Aim of the exercise. Write out the records again exactly and exclude the pictures.
[Data shown — start]
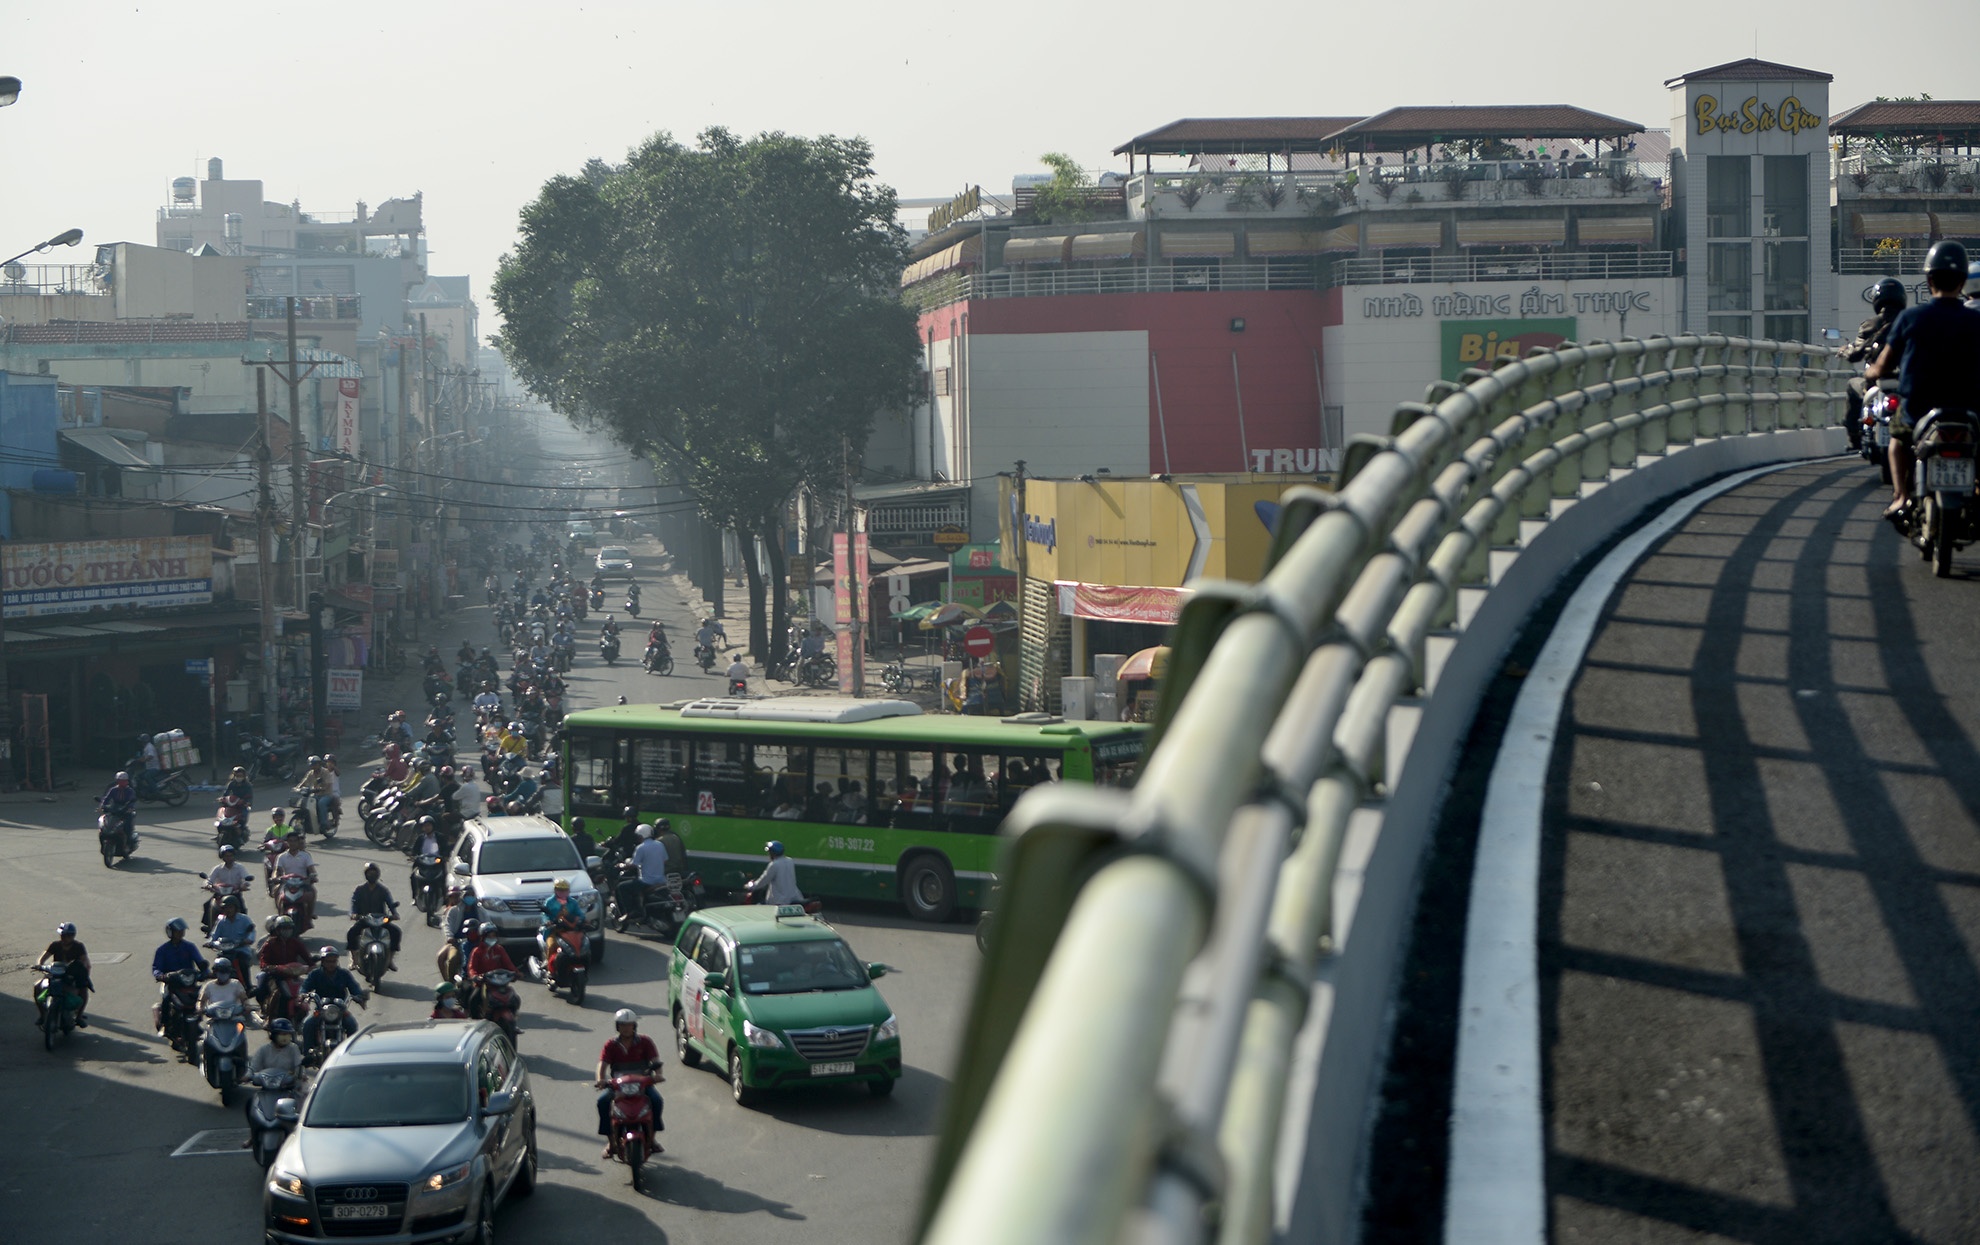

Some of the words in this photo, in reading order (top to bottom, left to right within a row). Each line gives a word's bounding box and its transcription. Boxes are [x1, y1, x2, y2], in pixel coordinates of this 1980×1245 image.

[1695, 94, 1740, 135] Bụi
[1740, 96, 1777, 134] Sài
[1778, 96, 1822, 135] Gòn
[1363, 292, 1424, 317] NHÀ
[1432, 291, 1511, 316] HÀNG
[1520, 286, 1565, 315] ẨM
[1573, 290, 1651, 315] THỰC
[85, 553, 187, 582] THÀNH
[331, 677, 359, 692] TNT
[699, 793, 713, 811] 24
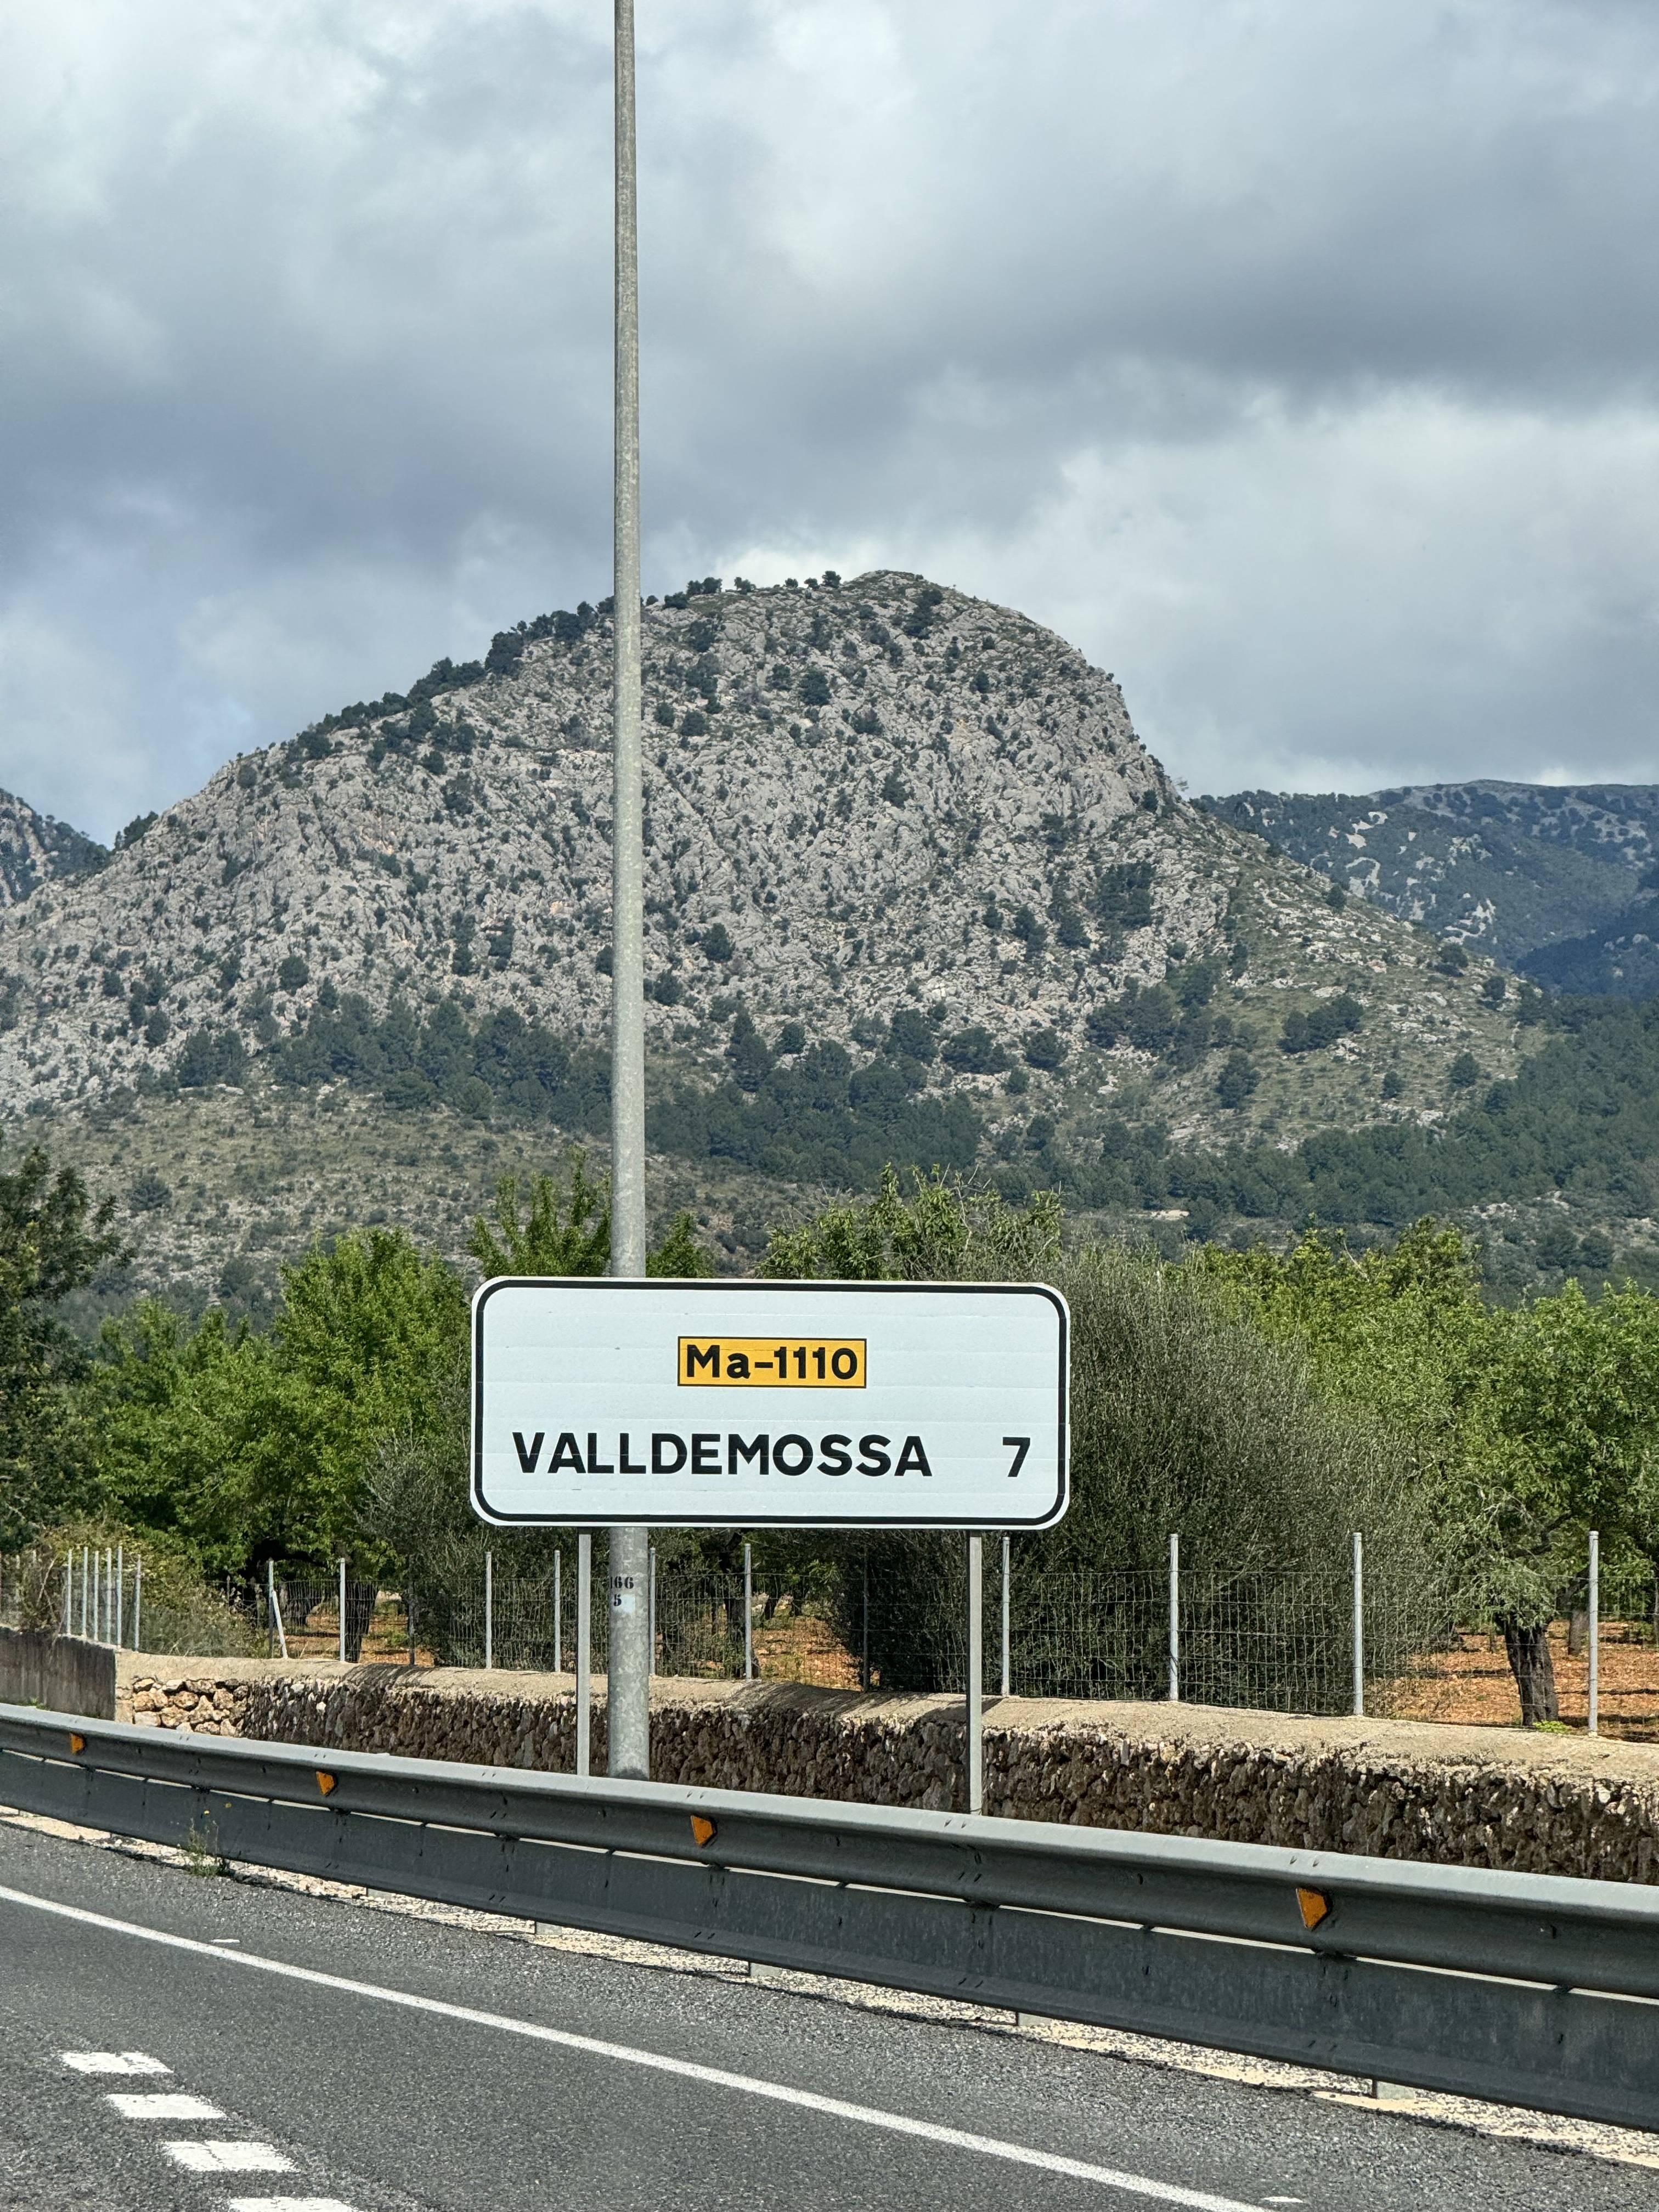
[Data shown — finish]
Answer to this task.
Some of the words in this photo, in reading order (top to bottom, left to right within a row). Each line gives a word's bounding box and its transcription. Boxes are [x1, y1, x2, y2], in pixel coordinates of this 1980×1245 image.

[1695, 94, 1740, 135] Bụi
[1740, 96, 1777, 134] Sài
[1778, 96, 1822, 135] Gòn
[1363, 292, 1424, 317] NHÀ
[1432, 291, 1511, 316] HÀNG
[1520, 286, 1565, 315] ẨM
[1573, 290, 1651, 315] THỰC
[85, 553, 187, 582] THÀNH
[331, 677, 359, 692] TNT
[699, 793, 713, 811] 24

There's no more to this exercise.